Problem description: For every record beneath this instruction, give an exact repetition, omitting images.

Data records:
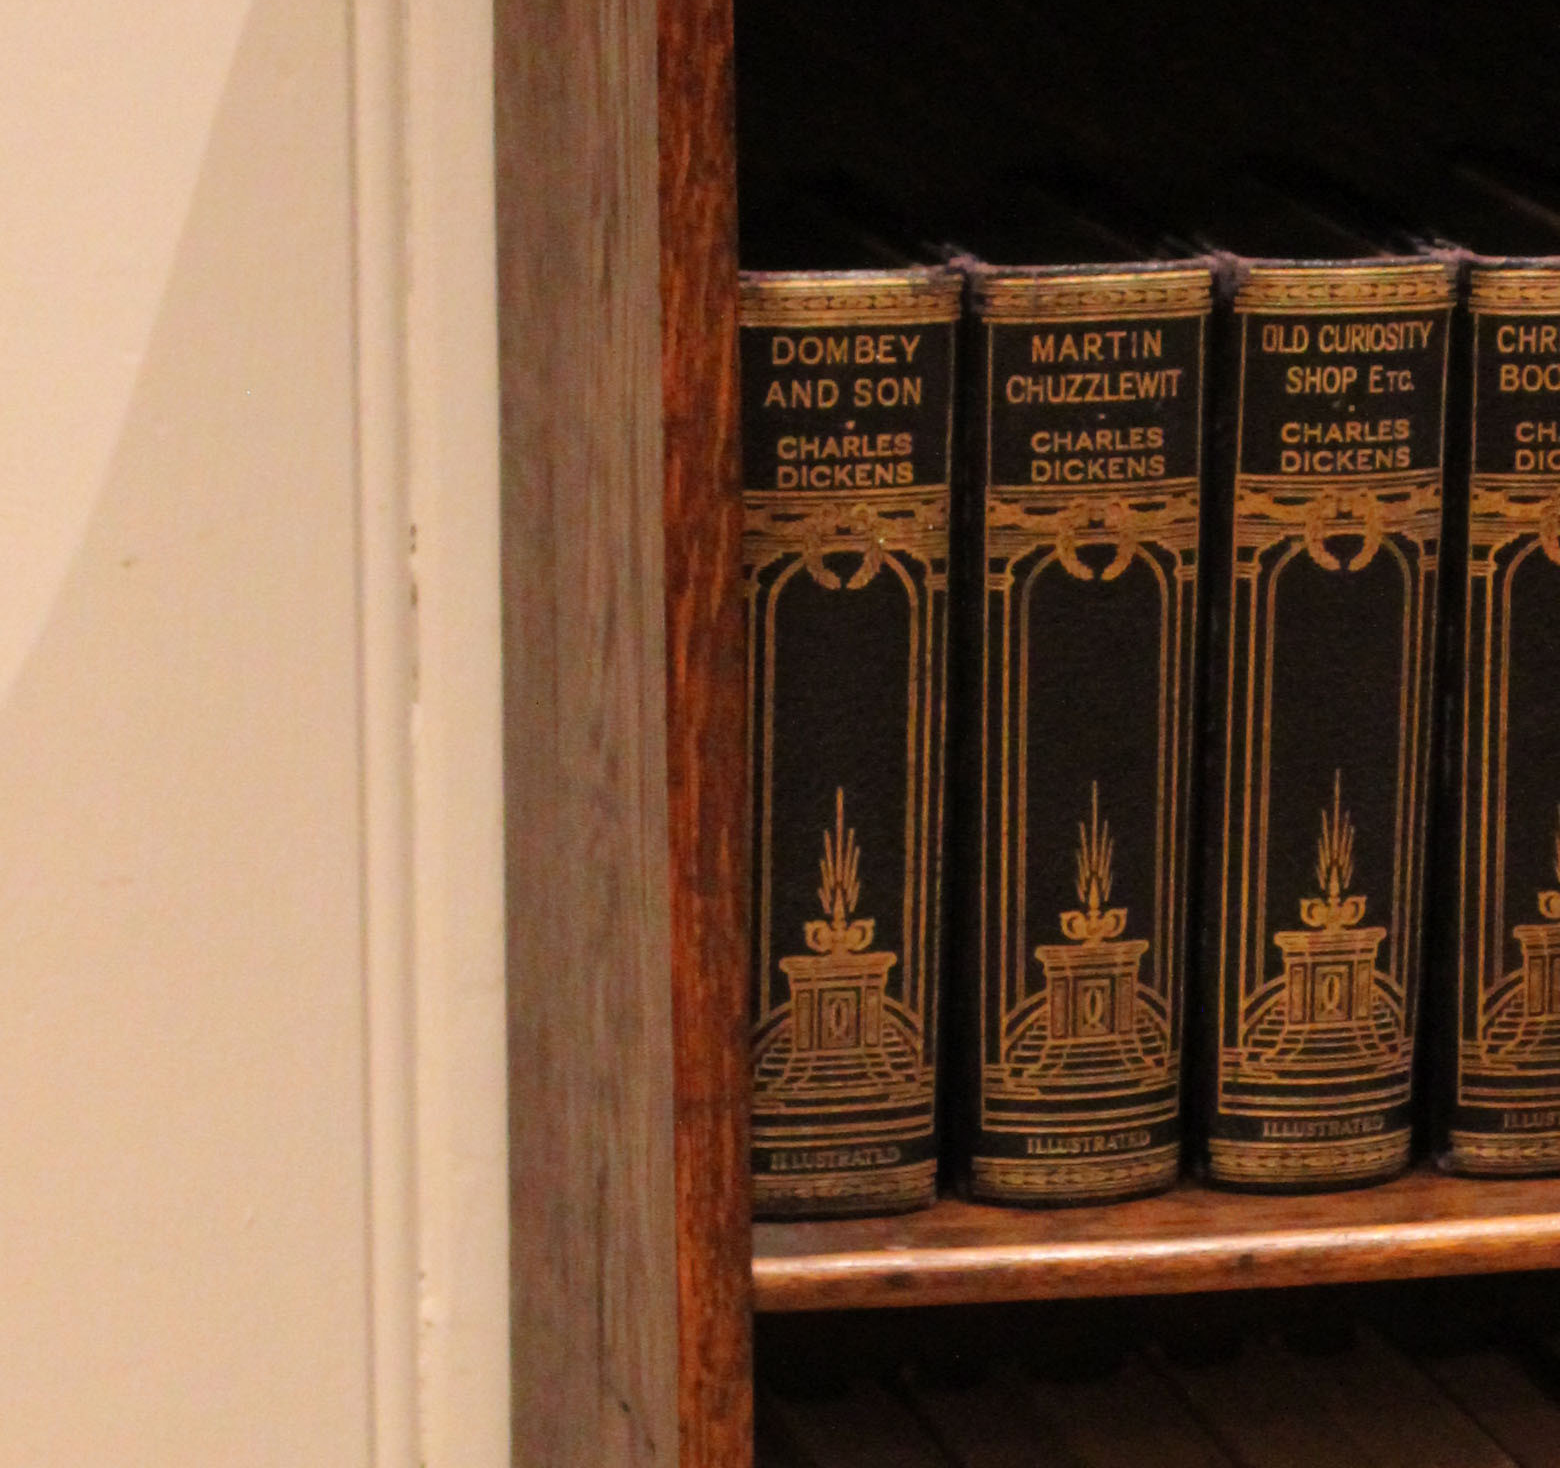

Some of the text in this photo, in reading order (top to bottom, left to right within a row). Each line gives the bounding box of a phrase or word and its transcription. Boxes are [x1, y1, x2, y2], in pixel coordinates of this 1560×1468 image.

[773, 335, 920, 365] DOMBEY
[1031, 331, 1163, 363] MARTIN
[1262, 322, 1433, 353] OLD CURIOSITY
[764, 378, 921, 408] AND SON
[1006, 369, 1182, 403] CHUZZLEWIT
[1286, 366, 1357, 394] SHOP
[1031, 427, 1164, 453] CHARLES
[1281, 418, 1410, 444] CHARLES
[777, 433, 912, 460] CHARLES
[1281, 447, 1410, 472] DICKENS
[777, 462, 913, 488] DICKENS
[1031, 455, 1165, 482] DICKENS
[1262, 1114, 1385, 1137] ILLUSTRATED
[1027, 1131, 1151, 1155] ILLUSTRATED
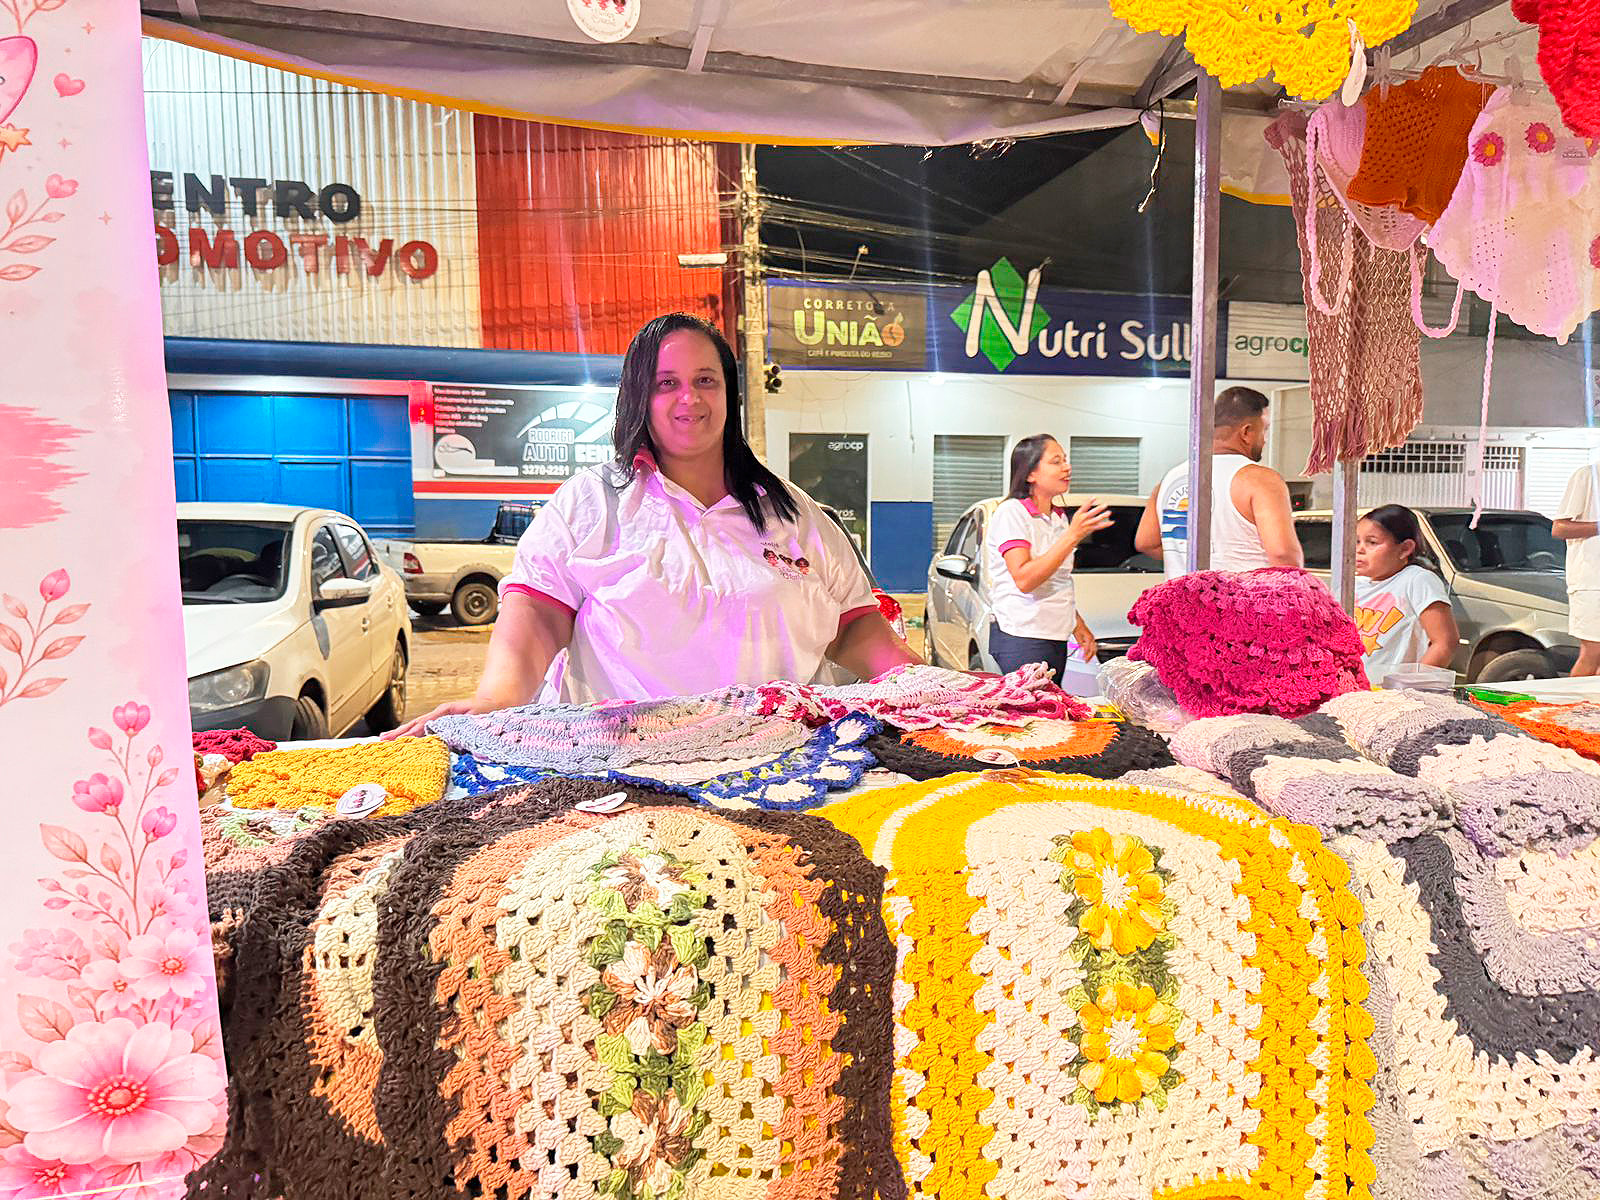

Solution to this exercise:
Some of the text in this photo, in reading order (top to bottom, left to right within a row). Each line gives the bounding box of a phrase or word and its transcription. Boxes are [x1, y1, x2, y2], in pixel coordinates of this 1560×1468 image.

[773, 335, 920, 365] DOMBEY
[1031, 331, 1163, 363] MARTIN
[1262, 322, 1433, 353] OLD CURIOSITY
[764, 378, 921, 408] AND SON
[1006, 369, 1182, 403] CHUZZLEWIT
[1286, 366, 1357, 394] SHOP
[1031, 427, 1164, 453] CHARLES
[1281, 418, 1410, 444] CHARLES
[777, 433, 912, 460] CHARLES
[1281, 447, 1410, 472] DICKENS
[777, 462, 913, 488] DICKENS
[1031, 455, 1165, 482] DICKENS
[1262, 1114, 1385, 1137] ILLUSTRATED
[1027, 1131, 1151, 1155] ILLUSTRATED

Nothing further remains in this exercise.